In attesa di scoprire se il riscontro mediatico del caso ed il crollo di questo “potente” porteranno a nuovi esposti, non si può non riflettere riguardo a come, seppur nel caso specifico la decisione sia stata rapida, di fatto, ci siano voluti trent’anni per fare, almeno in parte, giustizia.
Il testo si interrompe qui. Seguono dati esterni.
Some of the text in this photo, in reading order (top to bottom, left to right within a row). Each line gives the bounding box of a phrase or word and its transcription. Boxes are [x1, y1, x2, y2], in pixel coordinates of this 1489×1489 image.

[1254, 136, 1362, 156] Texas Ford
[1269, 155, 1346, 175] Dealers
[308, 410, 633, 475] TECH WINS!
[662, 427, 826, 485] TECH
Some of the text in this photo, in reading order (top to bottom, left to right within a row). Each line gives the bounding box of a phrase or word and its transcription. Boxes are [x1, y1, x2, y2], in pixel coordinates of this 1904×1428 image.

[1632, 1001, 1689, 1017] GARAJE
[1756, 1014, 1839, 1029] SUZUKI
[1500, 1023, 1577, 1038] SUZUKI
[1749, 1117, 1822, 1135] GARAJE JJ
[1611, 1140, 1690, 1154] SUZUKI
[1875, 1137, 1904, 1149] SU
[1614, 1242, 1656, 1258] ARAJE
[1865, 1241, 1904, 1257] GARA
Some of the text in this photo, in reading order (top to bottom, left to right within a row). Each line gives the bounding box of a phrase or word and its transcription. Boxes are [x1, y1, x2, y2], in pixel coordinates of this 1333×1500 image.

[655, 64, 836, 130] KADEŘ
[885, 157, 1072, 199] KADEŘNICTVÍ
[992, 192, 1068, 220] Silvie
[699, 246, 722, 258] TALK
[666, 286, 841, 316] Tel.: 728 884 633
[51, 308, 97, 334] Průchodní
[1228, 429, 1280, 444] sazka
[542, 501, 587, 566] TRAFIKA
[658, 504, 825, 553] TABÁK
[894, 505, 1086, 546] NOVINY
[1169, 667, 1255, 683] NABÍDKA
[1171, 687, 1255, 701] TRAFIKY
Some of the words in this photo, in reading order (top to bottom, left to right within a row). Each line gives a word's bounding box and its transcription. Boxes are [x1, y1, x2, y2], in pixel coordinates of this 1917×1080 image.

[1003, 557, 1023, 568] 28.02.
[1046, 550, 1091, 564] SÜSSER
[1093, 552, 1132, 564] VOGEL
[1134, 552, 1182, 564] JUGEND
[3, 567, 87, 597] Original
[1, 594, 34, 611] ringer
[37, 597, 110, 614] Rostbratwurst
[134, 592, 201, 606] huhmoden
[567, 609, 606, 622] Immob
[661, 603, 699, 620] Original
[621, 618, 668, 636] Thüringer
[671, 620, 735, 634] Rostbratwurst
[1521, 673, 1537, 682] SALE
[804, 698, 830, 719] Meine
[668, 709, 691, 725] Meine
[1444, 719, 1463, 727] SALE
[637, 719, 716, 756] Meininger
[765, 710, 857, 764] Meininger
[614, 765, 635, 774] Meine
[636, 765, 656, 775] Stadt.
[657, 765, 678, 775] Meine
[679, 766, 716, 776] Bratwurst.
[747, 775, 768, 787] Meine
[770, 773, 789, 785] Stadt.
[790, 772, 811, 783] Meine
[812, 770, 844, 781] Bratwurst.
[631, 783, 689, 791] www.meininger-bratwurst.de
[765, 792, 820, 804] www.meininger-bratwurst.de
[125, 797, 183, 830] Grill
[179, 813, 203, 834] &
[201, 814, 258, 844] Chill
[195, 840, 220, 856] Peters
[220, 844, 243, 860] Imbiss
Probabilmente la gogna pubblica ha aiutato perché, senza condannare i valori ed i principi del cattolicesimo, ma affrontando le debolezze, gli abusi e le colpe dei singoli, non è una novità, riguardo alla quale stupirci e della quale scandalizzarci, venga ipotizzata la questione degli abusi sessuali, o la semplice complicità, da parte dei religiosi, persino delle “alte sfere”.

Interrogandoci riguardo a ciò a cui stiamo assistendo, è legittima ogni riflessione riguardo a se bastino le scuse per compensare i traumi di chi ha subito molestie o violenza e se quanto fatto da questa guida spirituale, o meglio, se, nello specifico, il tradimento di questo giuda spirituale possa trovare una giusta compensazione e pagare quanto deve alla giustizia.

Sempre ammesso, poi, che si faccia giustizia fino in fondo, perché, finora, abbiamo avuto riscontro solo di scuse e dimissioni in un caso eclatante che potrebbe risultare il solito pezzo di carne dato in pasto all’opinione pubblica.

Perché se il nostro sdegno, la totale condanna, la soddisfazione, ammettiamolo, per le dimissioni, la gogna pubblica e l’impossibilità impostagli alla partecipazione al Conclave vanno verso Keith O’Brien, come bisognerebbe porsi, quantomeno moralmente, verso l’Arcivescovo emerito di Los Angeles, il cardinale Roger Mahony accusato di aver coperto (certo, non di aver abusato in prima persona e tanto meno di essere stato condannato) oltre 100 casi di abuso su minori compiuti nella sua diocesi negli anni ’80?

Nel tentativo di trovare una risposta che racchiuda il tutto potremmo riferirci a quel capolavoro cinematografico che fu “il Marchese del Grillo” di Monicelli, non la strepitosa battuta pronunciata del grande Alberto Sordi uscendo dalla bettola dopo la rissa (battuta che avrebbe anche un suo perché a dire il vero…), ma Paolo Stoppa nelle vesti di Papa Pio VII: “Ricordati figliolo che la Giustizia non è di questo mondo… ma dell’altro”; ma ultimamente, forse, dovremmo aggiungere che si sta un po’ esagerando.